» **SOURCE MATERIAL**:
-*-
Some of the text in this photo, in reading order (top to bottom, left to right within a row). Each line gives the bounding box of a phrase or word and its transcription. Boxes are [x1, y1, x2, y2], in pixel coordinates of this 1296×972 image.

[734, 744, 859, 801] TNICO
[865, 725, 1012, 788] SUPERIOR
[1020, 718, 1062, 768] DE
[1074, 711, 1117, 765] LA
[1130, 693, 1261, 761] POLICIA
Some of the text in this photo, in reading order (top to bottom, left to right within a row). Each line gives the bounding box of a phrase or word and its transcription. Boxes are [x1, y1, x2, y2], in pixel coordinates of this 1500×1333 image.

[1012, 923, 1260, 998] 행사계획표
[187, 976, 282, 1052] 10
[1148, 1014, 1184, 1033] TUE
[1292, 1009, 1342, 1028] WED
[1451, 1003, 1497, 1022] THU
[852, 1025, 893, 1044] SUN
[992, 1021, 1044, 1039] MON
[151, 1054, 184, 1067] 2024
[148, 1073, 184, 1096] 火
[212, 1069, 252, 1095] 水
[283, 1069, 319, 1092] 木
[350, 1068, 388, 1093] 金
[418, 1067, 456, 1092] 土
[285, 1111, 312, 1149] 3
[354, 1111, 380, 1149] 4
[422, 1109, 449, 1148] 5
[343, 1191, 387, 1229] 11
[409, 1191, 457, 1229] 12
-*-
» **WHAT YOU ARE ASKED TO DO**: Nothing in the listing above may be altered; transcribe all of it.

» **RESPONSE AREA**:
Some of the text in this photo, in reading order (top to bottom, left to right within a row). Each line gives the bounding box of a phrase or word and its transcription. Boxes are [x1, y1, x2, y2], in pixel coordinates of this 1296×972 image.

[734, 744, 859, 801] TNICO
[865, 725, 1012, 788] SUPERIOR
[1020, 718, 1062, 768] DE
[1074, 711, 1117, 765] LA
[1130, 693, 1261, 761] POLICIA
Some of the text in this photo, in reading order (top to bottom, left to right within a row). Each line gives the bounding box of a phrase or word and its transcription. Boxes are [x1, y1, x2, y2], in pixel coordinates of this 1500×1333 image.

[1012, 923, 1260, 998] 행사계획표
[187, 976, 282, 1052] 10
[1148, 1014, 1184, 1033] TUE
[1292, 1009, 1342, 1028] WED
[1451, 1003, 1497, 1022] THU
[852, 1025, 893, 1044] SUN
[992, 1021, 1044, 1039] MON
[151, 1054, 184, 1067] 2024
[148, 1073, 184, 1096] 火
[212, 1069, 252, 1095] 水
[283, 1069, 319, 1092] 木
[350, 1068, 388, 1093] 金
[418, 1067, 456, 1092] 土
[285, 1111, 312, 1149] 3
[354, 1111, 380, 1149] 4
[422, 1109, 449, 1148] 5
[343, 1191, 387, 1229] 11
[409, 1191, 457, 1229] 12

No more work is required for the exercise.